Prove that ##f## is uniformly continuous.
Suppose ##f## is not uniformly-continuous. Then there is ##\epsilon>0## such that for any ##\delta>0##, there is ##x,y\in K## such that if ##|x-y|<\delta##, ##|f(x)-f(y)|\geq \epsilon##.

Choose ##\delta=1##. Then there is a pair of real numbers which we will denote as ##x_1,y_1## such that if ##|x_1-y_1|<\delta##, uniform-continuity fails to hold.

Now choose ##\delta=\frac{1}{2}## and find a pair of real numbers ##x_2,y_2## that also fail this condition. Choose a sequence of real numbers in this fashion and denote them as: ##\{x_n\},\{y_n\}##

These are sequences contained in ##K##. Therefore, for ##\{x_n\}##, there exists a subsequence ##x_{n_k}\rightarrow z\in K##.

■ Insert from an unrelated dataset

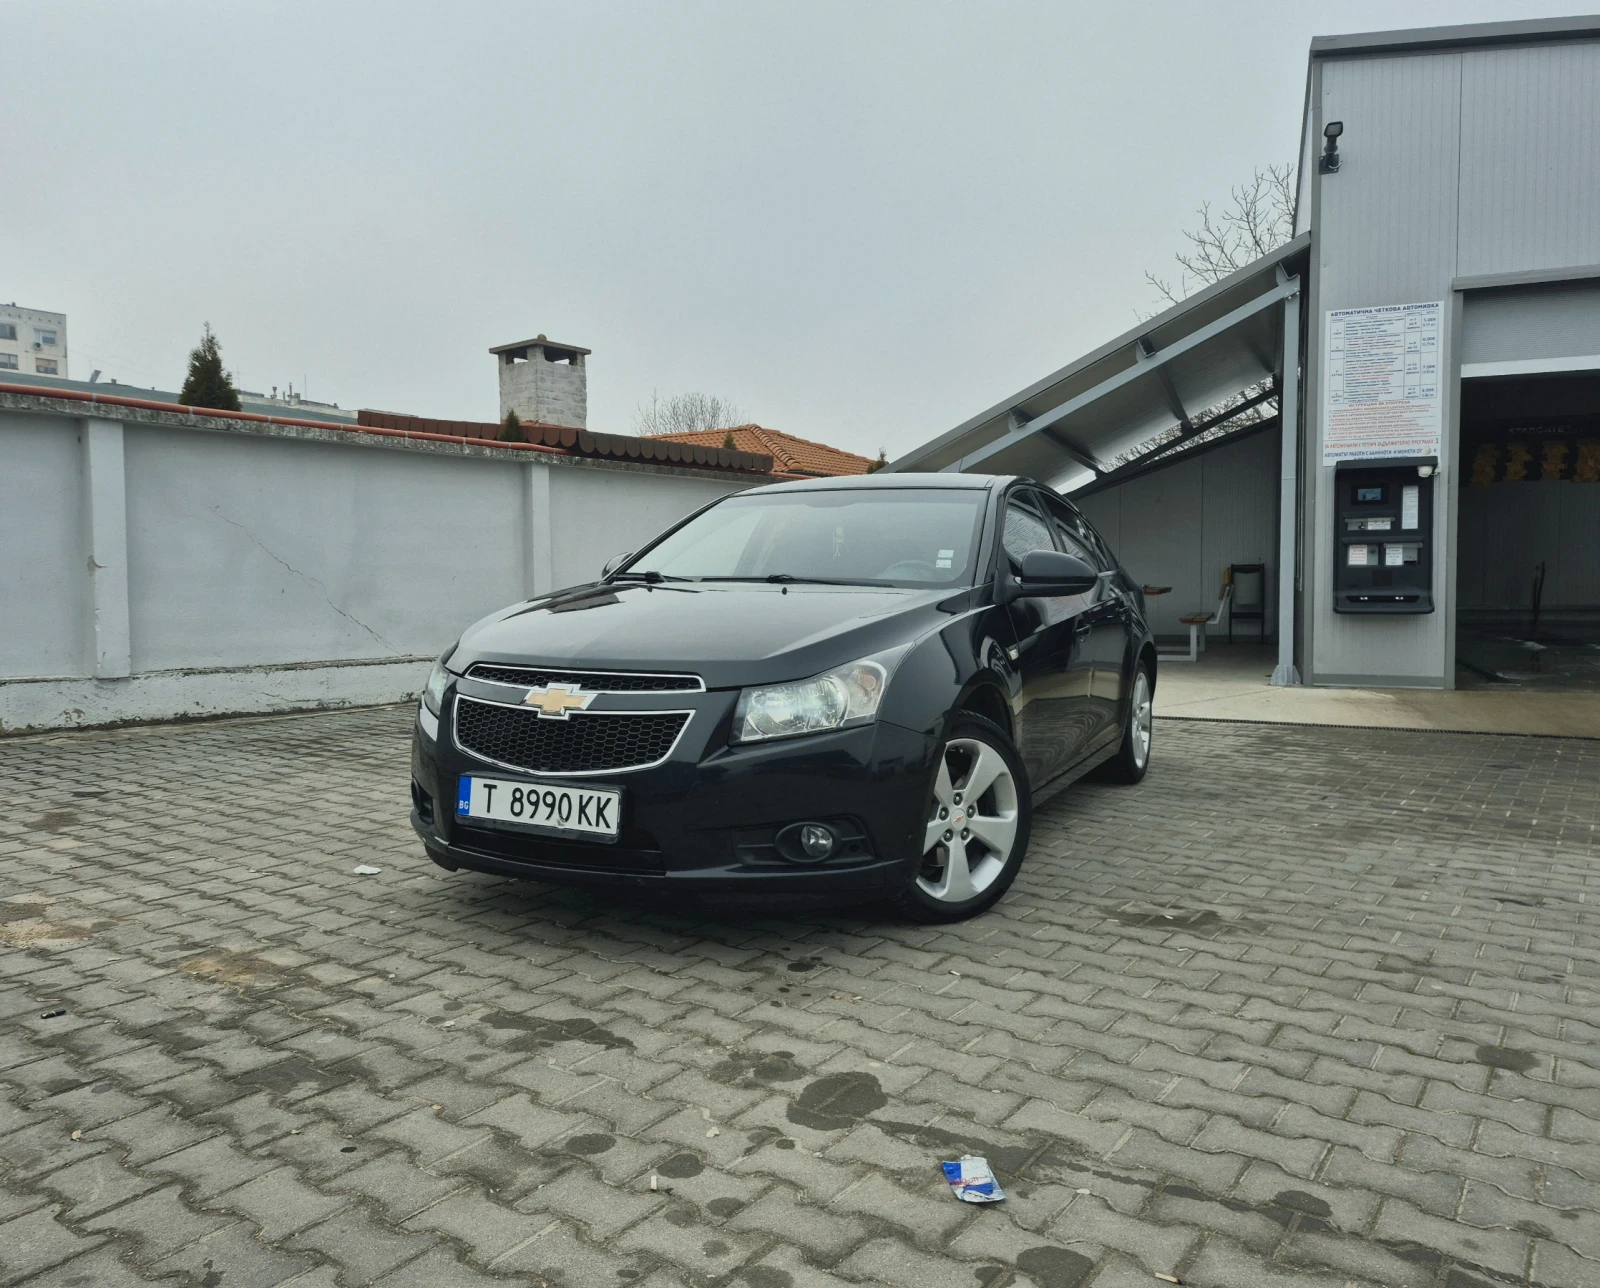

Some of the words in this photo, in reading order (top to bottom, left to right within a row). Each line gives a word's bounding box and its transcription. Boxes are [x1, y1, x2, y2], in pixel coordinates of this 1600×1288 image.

[1330, 309, 1373, 317] АВТОМАТИЧНА
[1402, 303, 1439, 311] АВТОМИВКА
[459, 800, 469, 809] BG

Moreover, if ##\epsilon>0##, choose ##N_\epsilon\in\mathbb{N}## that is at least ##\frac{1}{\epsilon}##. Then if ##k\geq N_\epsilon##, ##n_k\geq n_{N_\epsilon}##. Note that ##n_{N_\epsilon}\geq \frac{1}{\epsilon}##. Hence, by construction:

##|x_{n_k}-y_{n_k}|<\frac{1}{n_k}\leq \epsilon##

By the Triangle Inequality, ##y_{n_k}\rightarrow z##.
By the Triangle Inequality, ##|f(y_{n_k})-f(x_{n_k})|<\epsilon##, which contradicts the initial claim that every pair of images of the points ##x_i,y_i## constructed thus are not Cauchy. Hence, ##f## must be uniformly-continuous.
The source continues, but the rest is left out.